Study: Passive Smoking Risks Exaggerated
A study that suggests secondhand smoke may not be as harmful as once believed has provoked strong criticism from medical professionals, who claim the study is flawed or even intended to confuse the lay public. The authors stand by the work.

The study found no link between exposure to environmental tobacco smoke and deaths caused by coronary heart disease, lung cancer, or chronic obstructive pulmonary disease. When the British Medical Journal (BMJ) published it in its May 17 issue, dozens of physicians, medical students, researchers, and scientists—among others—responded with outraged letters.

Some online respondents said it was irresponsible for the BMJ to publish a paper that was “seriously flawed.” The American Association for Respiratory Care and the American Lung Association also questioned the validity of the study.

“It’s disheartening that the British Medical Journal released this study—as it appears to have several things wrong with it,” says Gaylene Mooney, BAAS, RRT, co-chair of AARC’s Subcommittee on Smoking and Tobacco Related Issues. Mooney says the study, partially funded by the tobacco industry, did not meet the requirements of rigorous scientific methodology.

The American Cancer Society called the study part of an “organized effort to confuse [the] public about secondhand smoke.”

Lead investigator James Enstrom, PhD, MPH, an epidemiologist at the University of California, Los Angeles notes that his findings do not contradict—but rather coincide with—previous studies. He hints that the media seem to discredit any evidence that does not oppose secondhand smoke.

And despite a general flurry of criticism, some medical professionals support Enstrom’s work.

“I [am not] surprised that an attempt is being made to trash Dr Enstrom’s conclusions because the study was funded in part by money from tobacco interests,” wrote Melvin W. First, ScD, a professor of environmental health and engineering, emeritus, at the Harvard School of Public Health in Cambridge, Mass, in a letter to the editor of The Wall Street Journal after it reported on the study on May 16. “Does this mean that all the researchers funded by antismoking agencies are biased in the opposite direction? I trust not. Such charges are deeply insulting to academics in good standing.”

The study examined 118,094 Californian adults who enrolled in an American Cancer Society cancer prevention study in 1959. The researchers tracked the group for 39 years, paying particular attention to the 35,561 nonsmokers with a spouse who smoked.

Published only after an extensive review process—documented on the BMJ Web site,—the study authors and BMJ editors made efforts to point out the study’s weaknesses, including misclassification of environmental tobacco smoke exposure status from 1959 to 1999. It also listed its strengths—large size, extensive baseline data on smoking and potential confounders, extensive follow-up data, and long-term follow-up.

• Lung Volume Reduction Surgery Yields Mixed Results
Select patients with severe emphysema who, in conjunction with medical therapy, have 25% to 30% of the most damaged regions of each lung surgically removed are more likely to function better after 2 years than those who receive medical therapy only, according to a 5-year, multicenter, randomized study.

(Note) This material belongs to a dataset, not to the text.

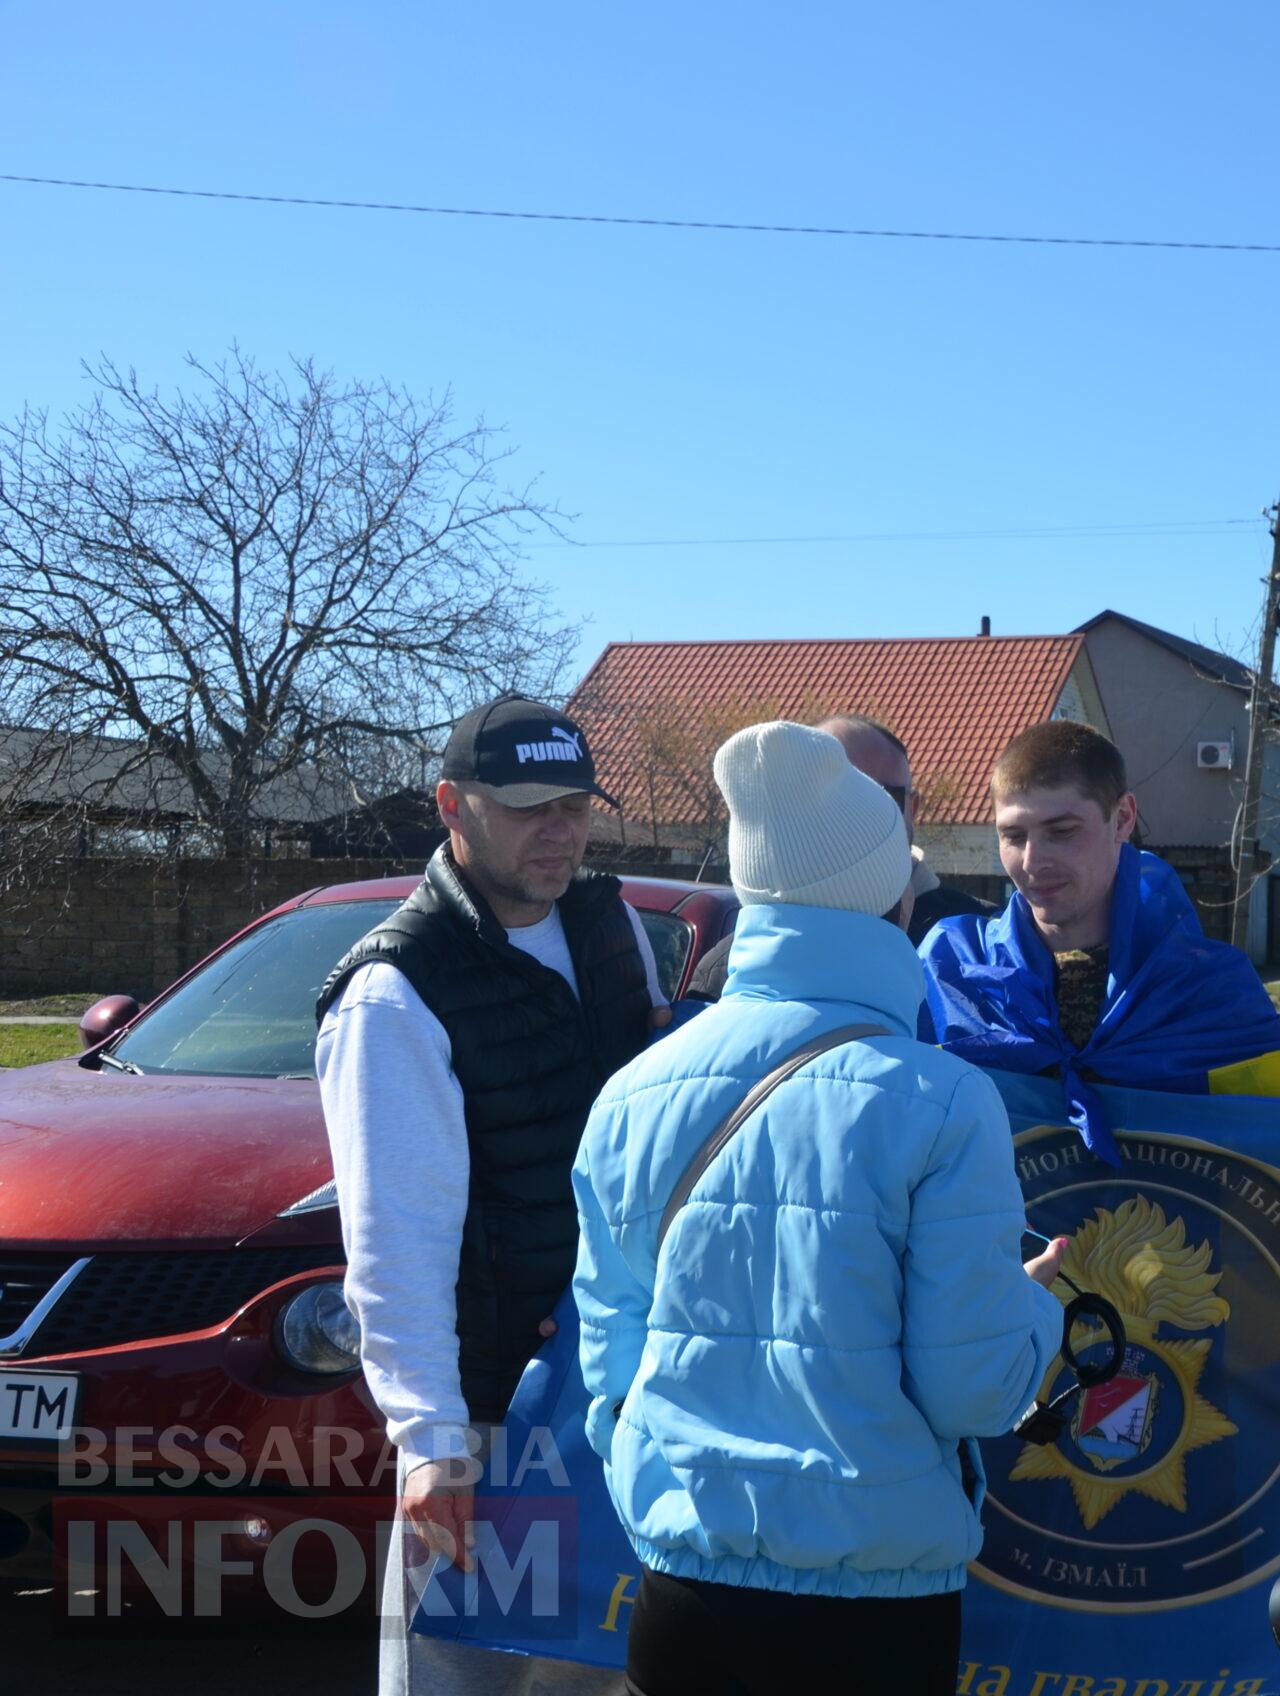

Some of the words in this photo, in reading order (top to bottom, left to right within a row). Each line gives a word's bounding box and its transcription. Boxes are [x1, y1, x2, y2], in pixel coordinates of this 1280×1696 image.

[515, 741, 578, 763] PUMA
[6, 1383, 69, 1430] TM
[1040, 1557, 1149, 1588] ІЗМАЇЛ

The patients who benefited most from the surgery, called bilateral lung volume reduction surgery (LVRS), were those whose emphysema was predominantly in the upper lobes of the lungs and whose exercise capacity was low after pulmonary rehabilitation but prior to surgery. The surgery decreased survival and failed to improve functional levels in patients who did not have upper-lobe distribution of emphysema and who had greater exercise capacity.

Scientists believe that when functionally useless tissue is removed, air moves in and out of the remaining lung more readily, thereby easing symptoms and improving overall lung function.

The findings were presented May 20 at the American Thoracic Society’s 99th International Conference in Seattle. They also were in the May 22 issue of the New England Journal of Medicine.

• Study Drowns Illusion of Swimming Pool Safety
Researchers claim to have discovered a possible cause of the rising childhood asthma rate in developed countries—and the proof, they say, is in the pool water.

Published in the June issue of the British journal Occupational and Environmental Medicine, their study says that regular inhalation of a gas called nitrogen trichloride increases lung epithelium permeability, which leads to increased allergen intake—thereby raising the risk of asthma.

Nitrogen trichloride is released when chlorinated water reacts with urine, sweat, or any organic matter introduced by swimmers. According to the authors, nitrogen trichloride triggers three proteins that destroy the cellular barrier protecting the lungs. It affects not only those in the water, but also those who remain poolside.

While the authors say more studies are needed, they recommend using nonchlorine-based disinfectants or reinforcing water and air quality control in indoor pools in the meantime.